2004-07-30(57日目/金曜/曇り一時雨) 台風の影響で朝から曇り。 通常、天気が悪くなると、西寄りの風が強くなる(西から低気圧が近づく)のだが、今回は南から台風が来ているので、南東風が強い。信州側は曇っているが、黒部側は晴れ。ガスの切れ間に時折、陽が当たっている剱岳が見える。 歩けないほどの天気ではないのだが、通過を含めて、訪れる人が少ない。台風を警戒して、家を出ることを控えているのだろうか。 今日、新しいバイトが到着。去年もこの小屋で働いていたらしい。これで従業員は5人となった。人が増えて、多少仕事の負担が減るかな。
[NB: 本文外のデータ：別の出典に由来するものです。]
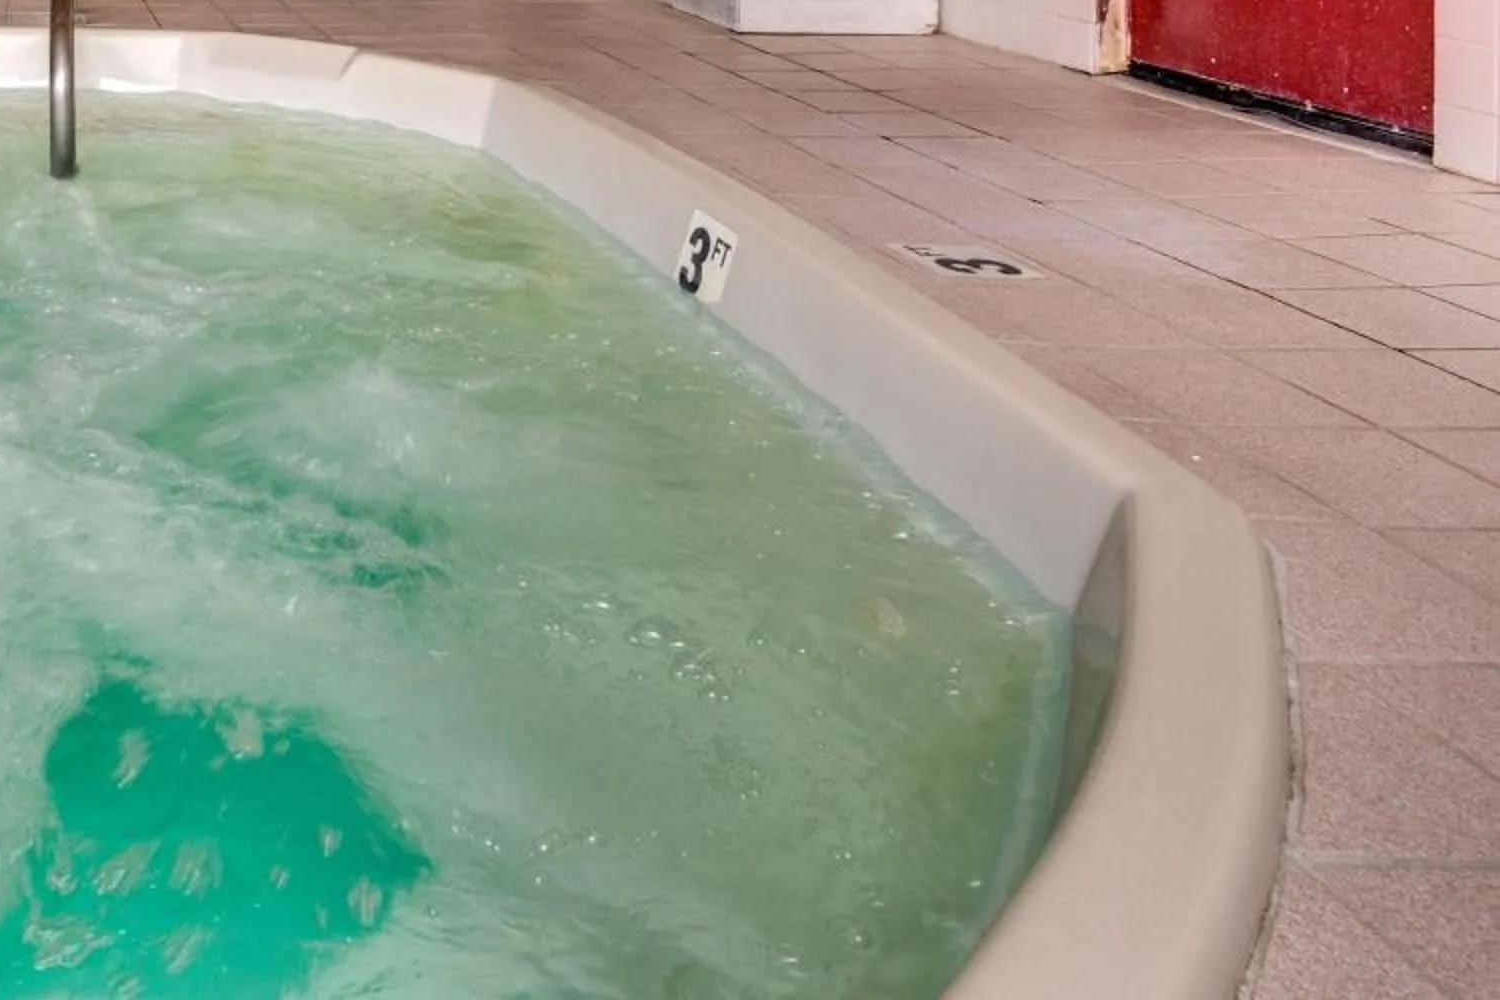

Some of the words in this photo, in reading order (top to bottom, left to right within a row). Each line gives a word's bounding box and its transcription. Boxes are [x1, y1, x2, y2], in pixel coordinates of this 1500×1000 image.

2004-07-31(58日目/土曜/曇り一時晴れ) 昨日よりは青空がのぞく時間が多いが、基本的に今日も雲の多い一日。 冷池山荘、五竜山荘からキレット小屋までは、どちらからも4-5時間程度かかる。そのため、9時から11時くらいまでが通過客のピークとなる。しかし、12時を過ぎると客足はぱったりと途絶え、今度は14時くらいから来始める宿泊客を待つことになる。 今日は通過客が多かったので、宿泊客も相当数になるだろうと思われた。 が、予想外に数は伸びず。また、素泊まりが多かったため、食数が少なく、食事を作る方としては何か物足りなく感じた。
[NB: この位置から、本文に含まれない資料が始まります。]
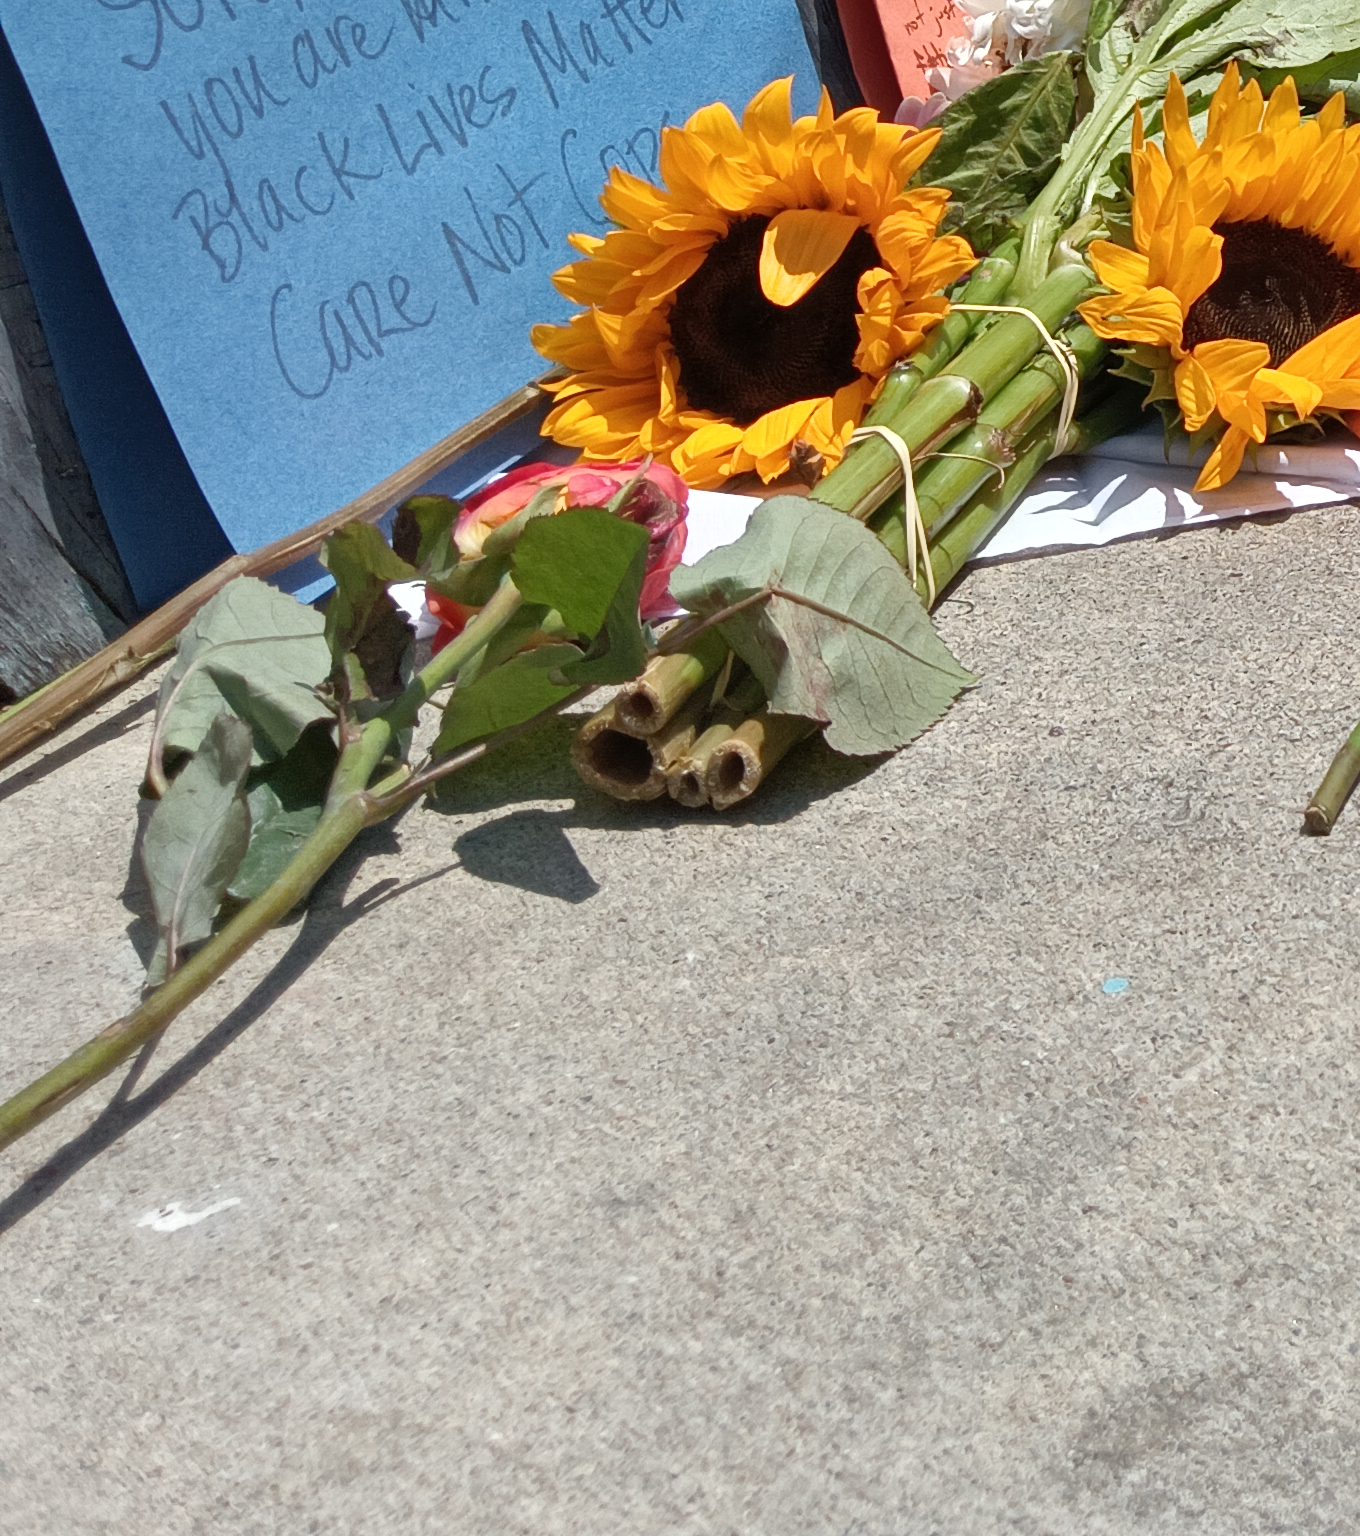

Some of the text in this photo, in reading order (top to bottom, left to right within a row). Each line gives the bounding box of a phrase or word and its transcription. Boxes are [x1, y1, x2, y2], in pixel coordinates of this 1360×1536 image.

2004-08-01(59日目/日曜/晴れのち曇り) 久々のすっきり爽やかな朝。 喜んで布団を干すが、9時頃にはガスが増えてきて、慌てて取り込む。その後は、晴れたりガスったり。 今日の通過客には水が良く売れた。 日によって、水が売れる日、お茶やコーヒーが売れる日、ジュースが売れる日、と変わってくる。たぶん、天気や気温に何か因果関係があるんだろうな、と思う。 7月の天気を調べてみた。一時雨も併せると、31日の内19日で雨が降った。晴天は7日。やはり、全体的に雨が多い月だったようだ。通過客は昨日より少なかったが宿泊数は伸び、今期最高となった。 《小屋周辺で今見られる花-5-》 ・トウヤクリンドウ 長雨の後、一気に咲き始めた。本来、夏に終わりを告げる初秋の花なのだが。今年は花の移り変りが早いらしい。
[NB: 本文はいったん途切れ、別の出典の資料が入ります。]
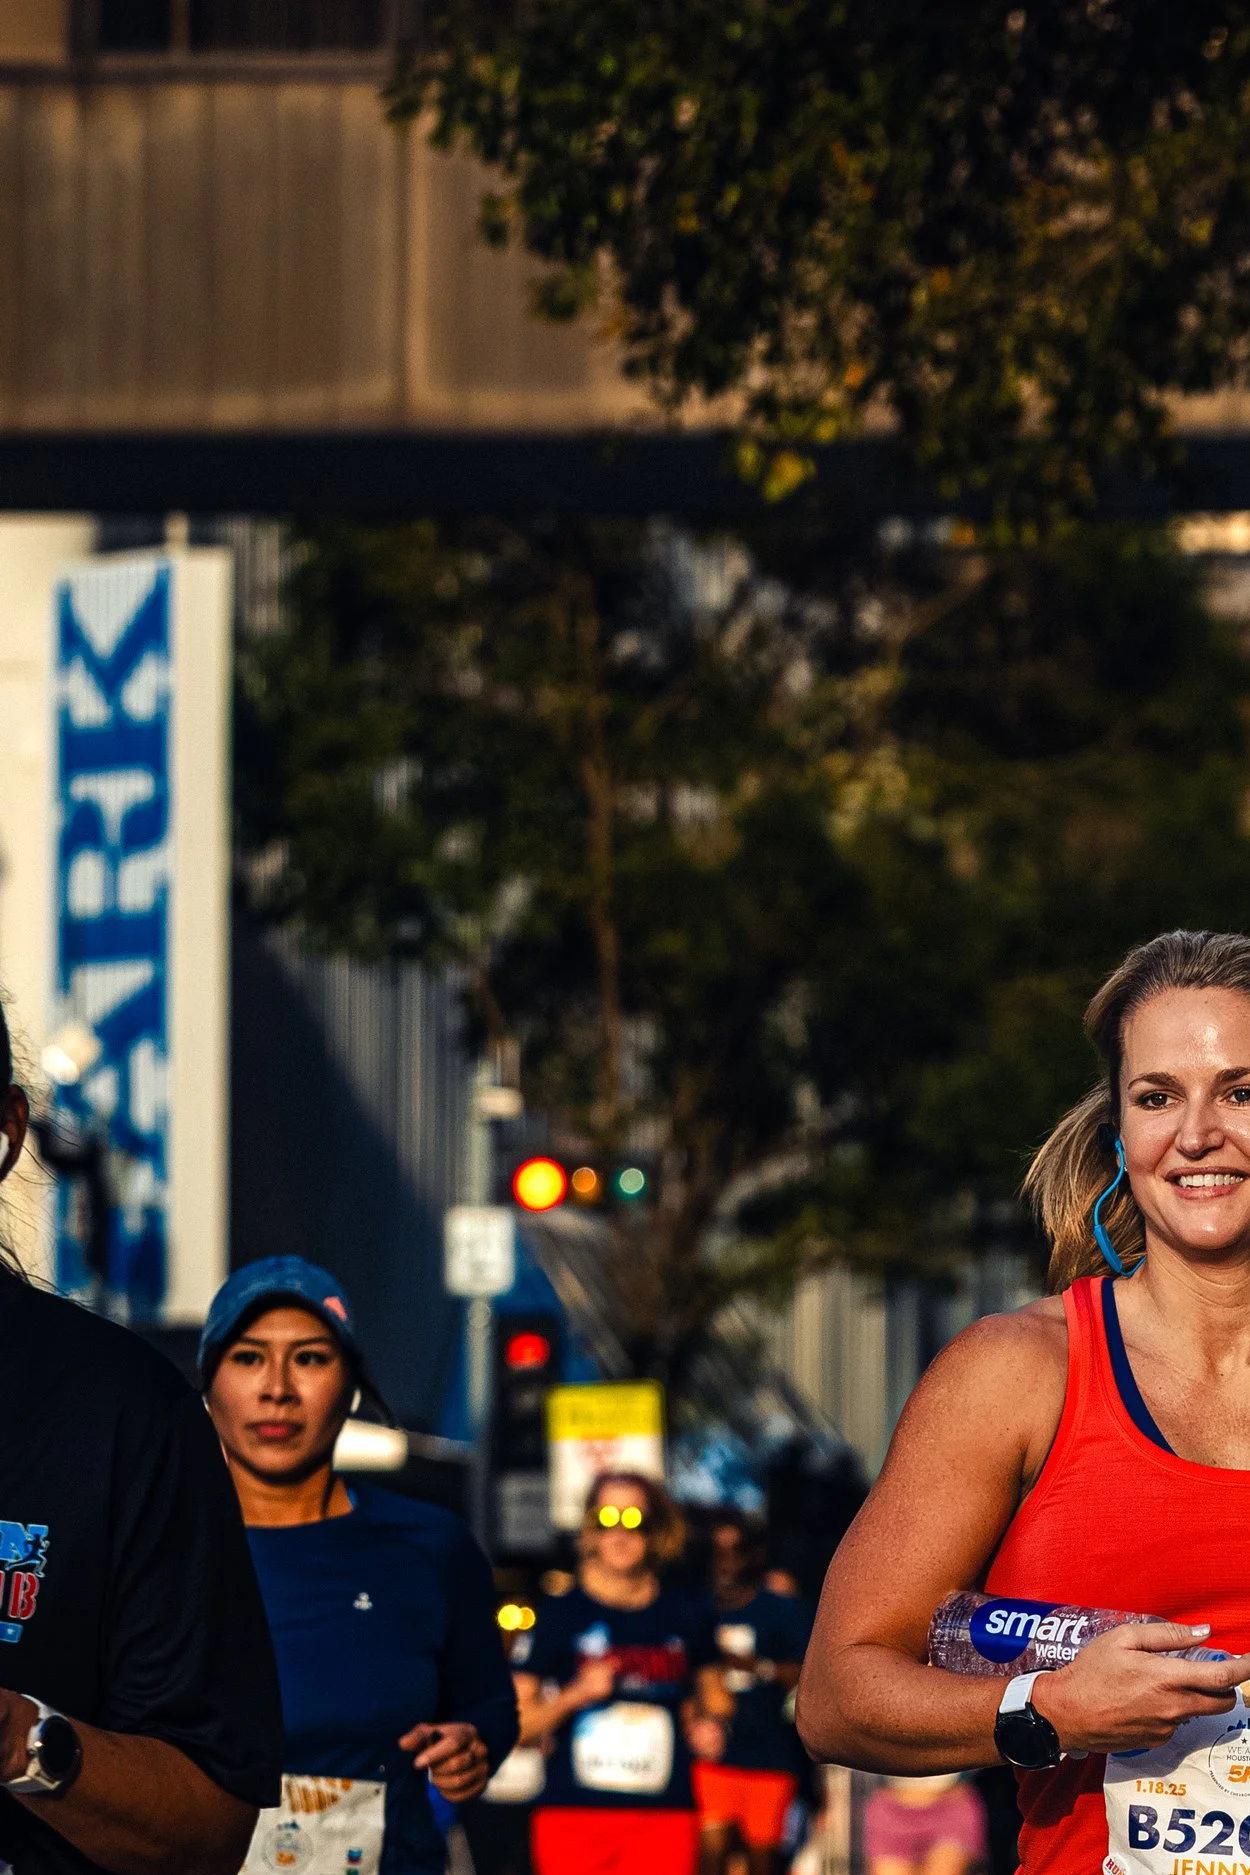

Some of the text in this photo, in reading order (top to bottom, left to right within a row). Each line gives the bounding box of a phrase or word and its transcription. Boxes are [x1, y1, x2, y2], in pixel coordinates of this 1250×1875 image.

[985, 1609, 1089, 1645] smart
[1034, 1643, 1080, 1661] water
[1227, 1746, 1242, 1755] WE
[1135, 1780, 1187, 1797] 1.18.25
2004-08-02(60日目/月曜/晴れのち曇り) 昨日よりさらに天気が良く、朝から暑いくらい。 天気が良いので、鹿島槍南峰へ行く。 「ちょっと散歩してきます。」と言って、1.5時間くらいで鹿島槍の頂上まで往復出来てしまうという、この素晴らしさは山小屋ならでは! 縦走路は、まさに夏山、といった感じ。頂上まですっきり伸びた稜線をのんびり歩いていると、心の底からいい知れぬ喜びが沸き上がってくる。ただただ山を歩くことが純粋に楽しいのだ。 本当に自分自身、山が好きなんだなあ、と改めて思う。何かもう、無性にうれしくなってしまうのだ。 午後からは、またガスとなる。 # フジタ 『いいなあ。感動が伝わってきます。』(2004/08/03 11:52) # カミヤ 『一時下山して,松本にいます。携帯で送っていた文章を初めてPCで見ています。ああ、こういう風だったのか,という感じ。 コメントありがとう。町に降りてはみたけれど,一日で山が恋しくなってきました。だって、下界は暑いし,息苦しいんだもの。』(2004/08/05 16:54)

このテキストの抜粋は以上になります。